The six, from California, to South Carolina, are recipients of Linda Lael Miller Scholarships for Women, funded personally by the New York Times bestselling Arizona author who never forgets what it’s like to struggle.
Annually, the author of more than 60 novels stages a $5000 scholarship competition unlike any she’s seen. Women, from 18 to 108, who desire to improve their lot in life through education, may apply by writing essays. The winners may use their scholarship monies not only for tuition and books, but for child care, transportation or any other education-related expense that will enable them to leap the barriers keeping them from building a better life.
“My philosophy is, ‘Educate a woman, impact endless future generations,'” Linda said, from the horse property outside Scottsdale where she writes novels published by Pocket and Atria Books. “Each of these scholarships will have a long-lasting effect on the recipient’s family and will help demonstrate to their children and their children’s children that a woman can overcome adversity and succeed, through education.”
Born in Northport, WA, Linda married straight out of high school and suffered adversity herself in a difficult marriage before she set out on her own and became an internationally bestselling author.
Whether she’s writing romantic fiction set in the Old West, or contemporary thrillers with kick-butt heroines, her characters are always women who succeed despite overwhelming odds.
Linda’s 2004 novels include DON’T LOOK NOW (Pocket Books, July mass market paperback) and NEVER LOOK BACK (Atria Books trade paperback). The thrillers are set in her beloved Arizona and feature a smart-mouthed attorney, who marshals all her resources to protect those she loves, and a sexy sidekick cop who must learn that, despite murder and mayhem, the lady can take care of herself.
This year’s recipients of Linda Lael Miller Scholarships for women are:
Dawn Thurmond, 30, of El Paso, TX
She is a single Hispanic mother, struggling to provide for her severely disabled son and to complete her undergraduate degree at the University of Texas at El Paso. As a student of political science and communications, this positive, motivated woman is also an advocate for people with disabilities and works in the community to improve their lives. On her own since age 19, she wants to earn her law degree and go on to educate politicians that everyone, despite their labels or hardships, can live full and happy lives.
Dawn says her five-year-old son, Zachary, who was born with cerebral palsy, is a hero. Having made strides that confound doctors, he inspires others by his refusal to give up or to give in to the idea that life has handed him a raw deal.
With an educational career that has spanned more than 13 years, Dawn was due to graduate in December of 2004 when she learned that she would no longer quality for student loans or financial aid, because she had reached the allowable attempted hours for students. Her Linda Lael Miller Scholarship for Women is helping her obtain that degree, the one thing Dawn knows will help her create a better life for her and her son.

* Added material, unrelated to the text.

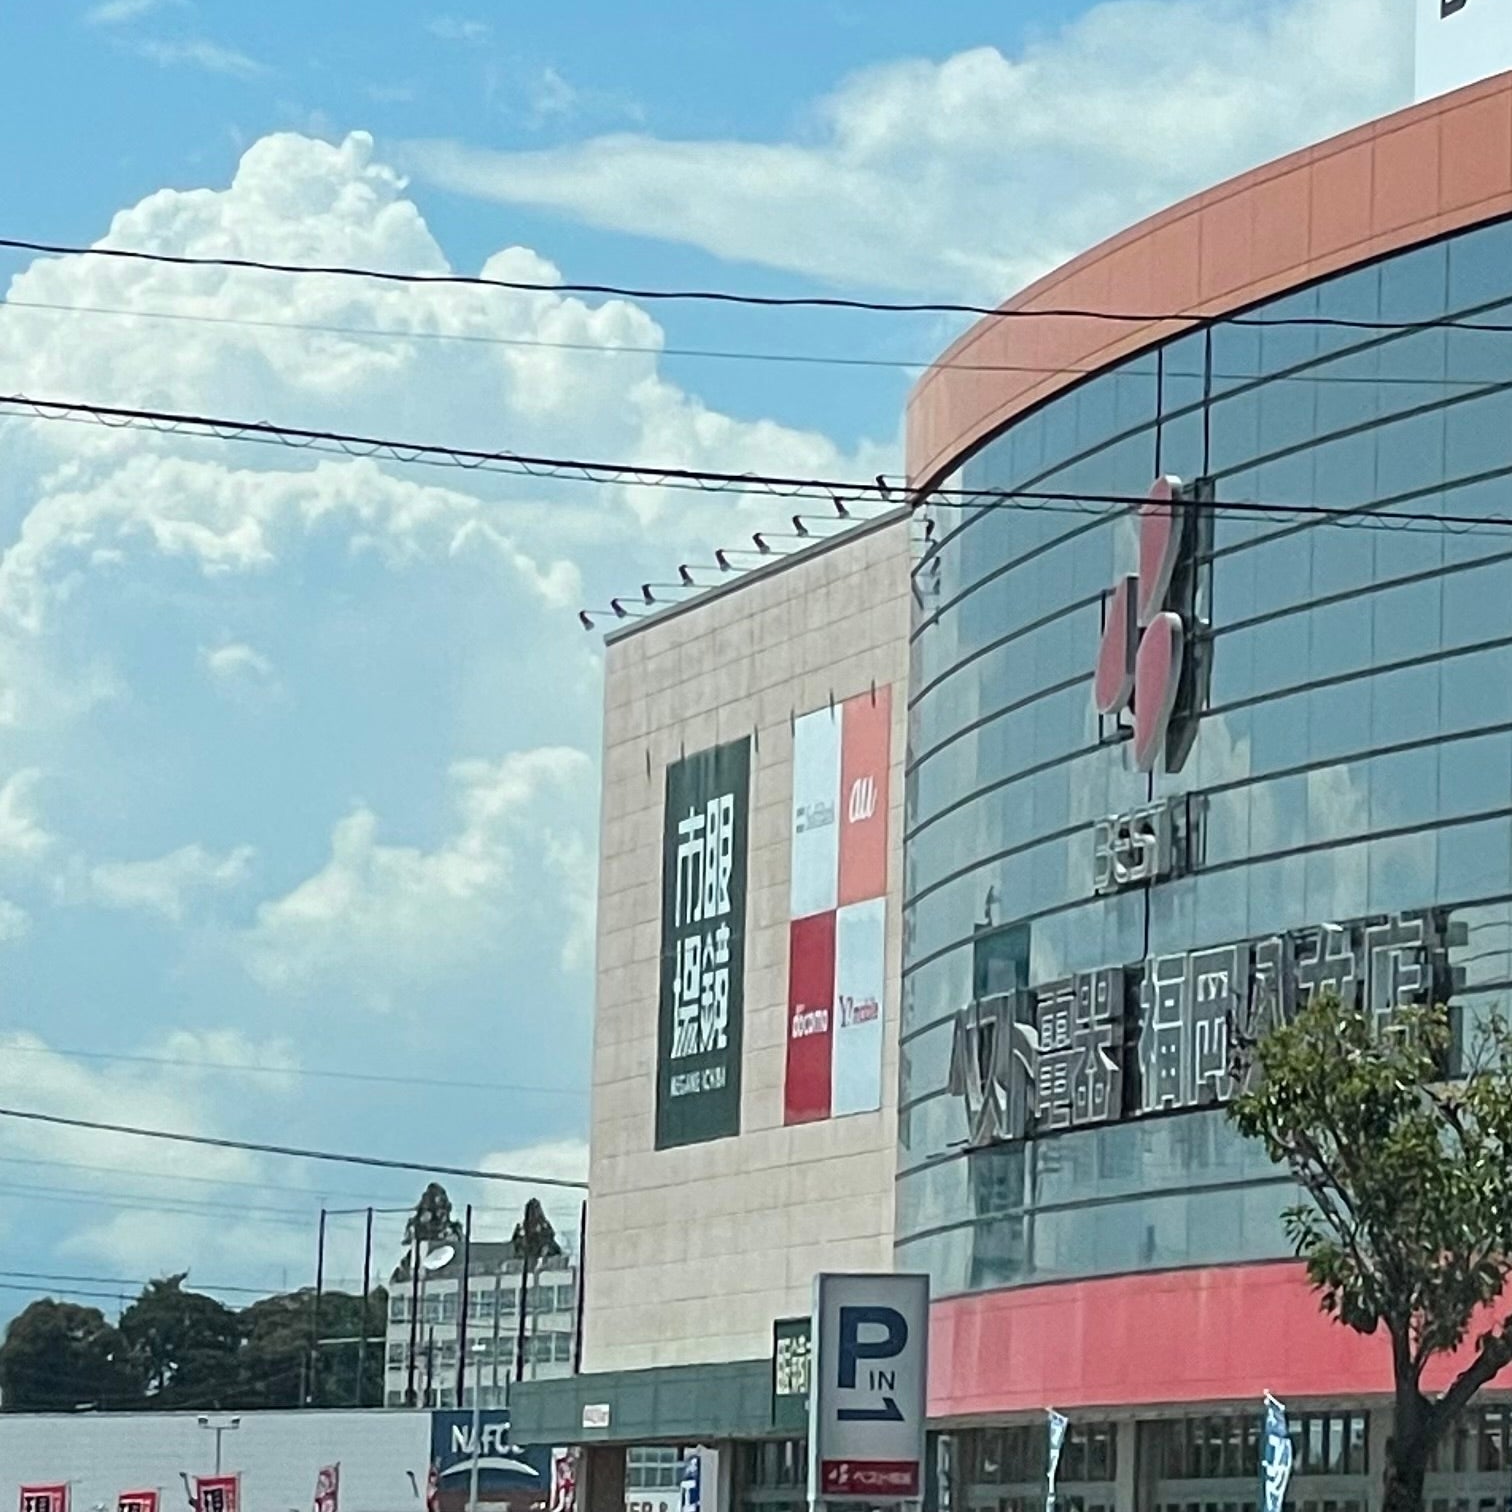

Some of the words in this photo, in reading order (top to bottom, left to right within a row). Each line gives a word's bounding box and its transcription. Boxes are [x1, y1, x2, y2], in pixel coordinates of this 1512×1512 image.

[849, 776, 878, 824] au
[837, 1306, 909, 1388] P
[869, 1370, 895, 1390] IN

Lisa Santiago-Weber, 40, of Fountain Valley, CA
She is a mother of two who is striving to build a new life for herself and her family after her husband returned to his native Guatemala – and abandoned them. Studying to become a graphics designer, she is using her scholarship to defray expenses for the extension courses she’s taking and for classes at California State Fullerton in the fall. She is dedicating her efforts to her older sister, Jodi Weber Whyte, who was a never-ending source of inspiration for Lisa and who lost her battle with cancer in 2003.

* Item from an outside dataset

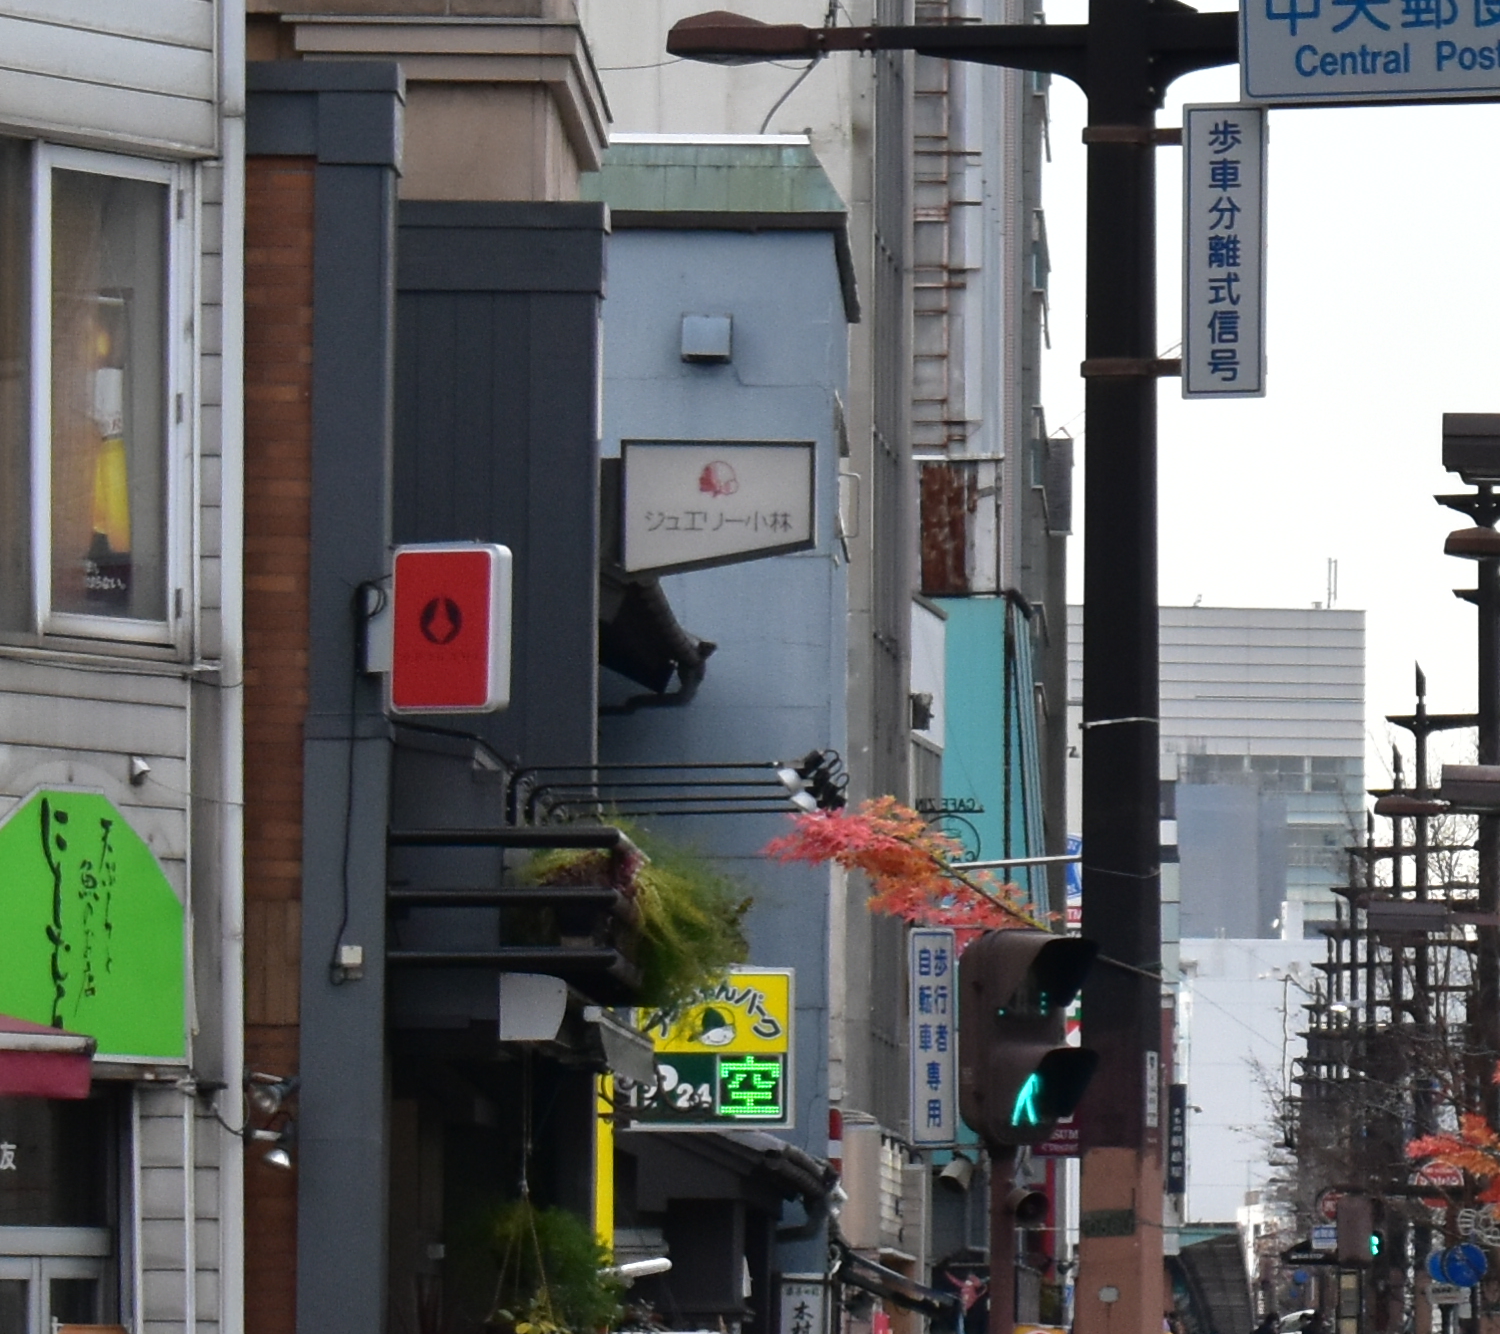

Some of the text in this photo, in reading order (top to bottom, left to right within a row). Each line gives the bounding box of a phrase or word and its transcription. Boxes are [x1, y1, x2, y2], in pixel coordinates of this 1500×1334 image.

“In the future I’d like to do some work for non-profit organizations,” Lisa said when asked about her hopes and dreams. “I’ve worked for the Legal Aid Society, and I’ve seen how important a helping hand can be to people in crisis. Most of all, I’d like to encourage other women to keep following their dreams, no matter how hard the struggle, so that we will be able to build a brighter future for our families, and for ourselves.”